De vez em quando, encontramos vozes, músicas e poemas que existiram muito antes de nós e que são lindissimos. De vez em quando, sentimos curiosidade em conhecer algo que normalmente não está no nosso trajecto. De vez em quando, o esforço vale (muito) a pena.

Embora a minha geração seja a última com influência francófona, suponho que nunca vi nenhum filme de Jean Gabin. Soube, muitos anos depois, que Simone Signoret tinha sido casada com ele. E essa eu conhecia de dois ou três filmes. Mas o Gabin, com aquele ar de ex-boxeur no Outono da vida, nunca me passaria pela cabeça que fosse um grande actor - quanto mais cantor no meio de monstros como Brel, Brassens, Regianni, Ferré e outros.

Por isso, foi com estupefacção primeiro, e encantamento depois, que descobri este Maintenant Je Sais, mais dito que cantado na voz rouca de Gabin, mas que se torna uma peça de rara beleza. É a história de como um homem evolui, desde jovem até à velhice.

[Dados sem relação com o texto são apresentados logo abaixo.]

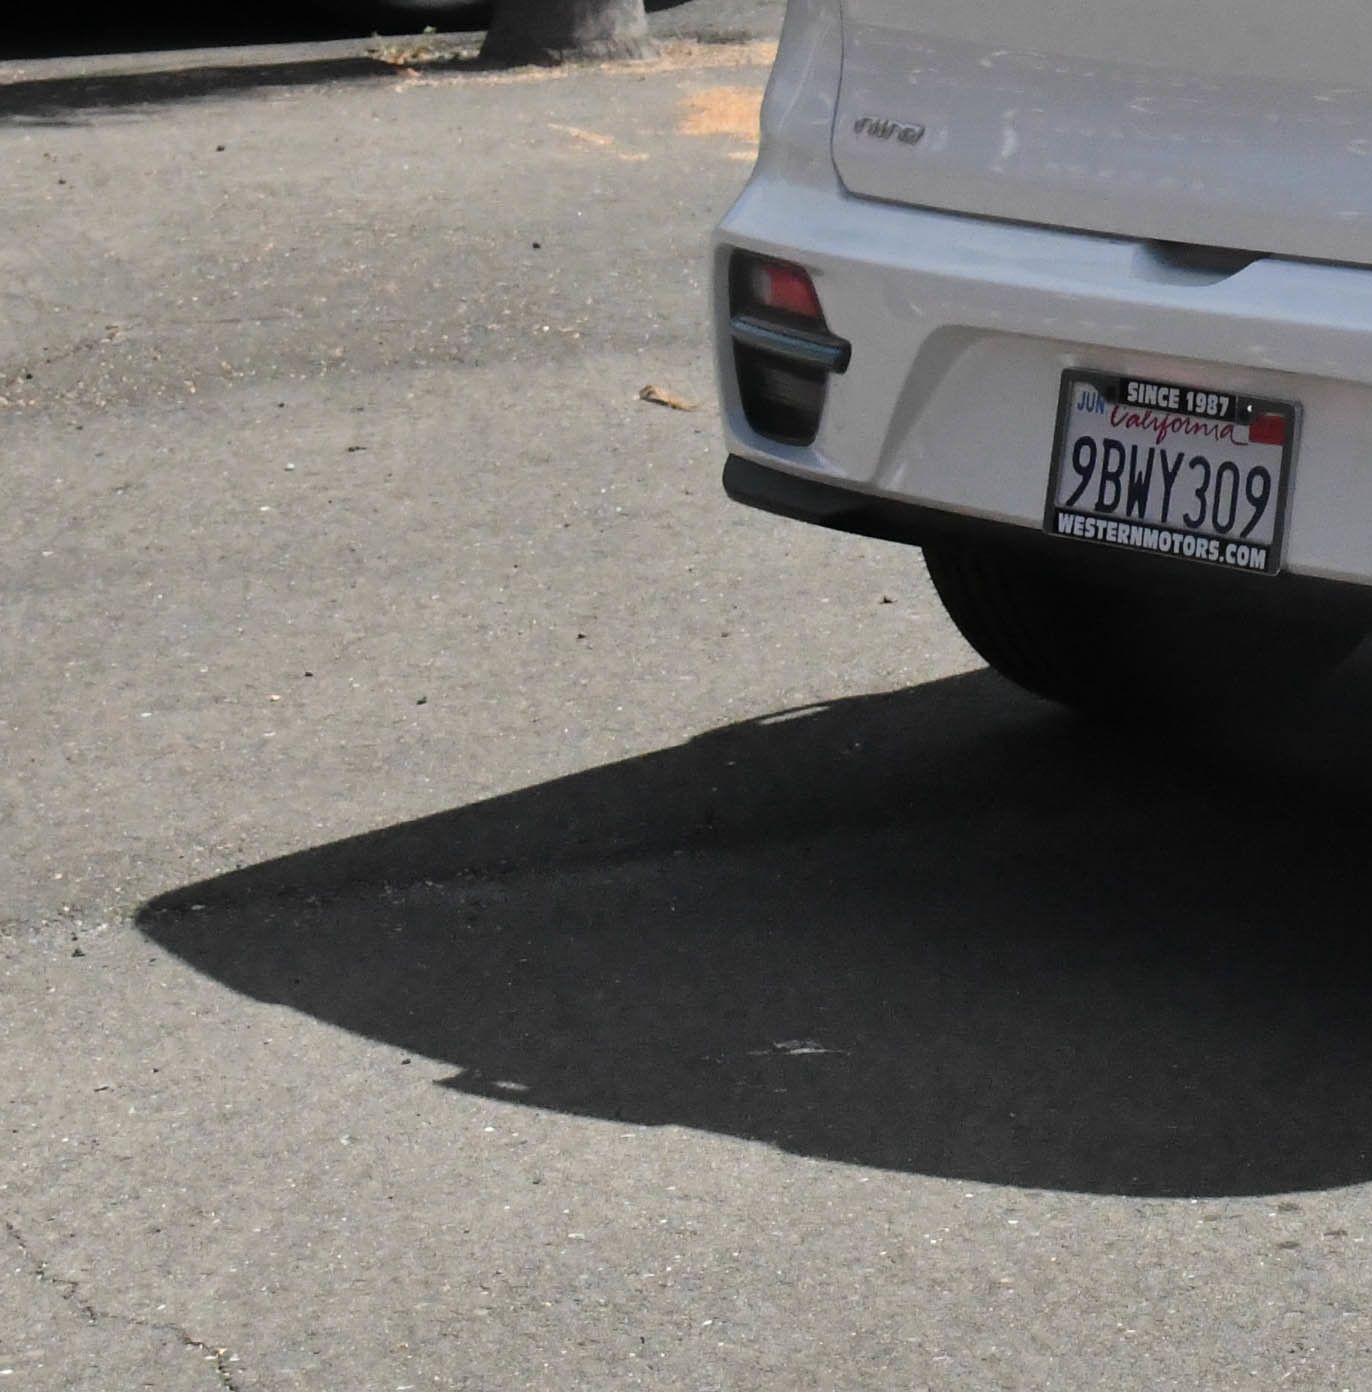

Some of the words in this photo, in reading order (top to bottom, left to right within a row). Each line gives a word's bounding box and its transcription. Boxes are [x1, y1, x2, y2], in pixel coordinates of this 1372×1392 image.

[1127, 382, 1180, 409] SINCE
[1186, 391, 1229, 417] 1987
[1110, 404, 1249, 446] California
[1066, 435, 1271, 538] 9BWY309
[1058, 512, 1267, 570] WESTERNMOTORS.COM

Mas é sobretudo o registo dos valores que guardamos no final da vida.

Quand j'étais gosse, haut comme trois pommes,

J'parlais bien fort pour être un homme

J'disais, JE SAIS, JE SAIS, JE SAIS, JE SAIS

C'était l'début, c'était l'printemps

Mais quand j'ai eu mes 18 ans

J'ai dit, JE SAIS, ça y est, cette fois JE SAIS

Et aujourd'***, les jours où je m'retourne

J'regarde la terre où j'ai quand même fait les 100 pas

Et je n'sais toujours pas comment elle tourne !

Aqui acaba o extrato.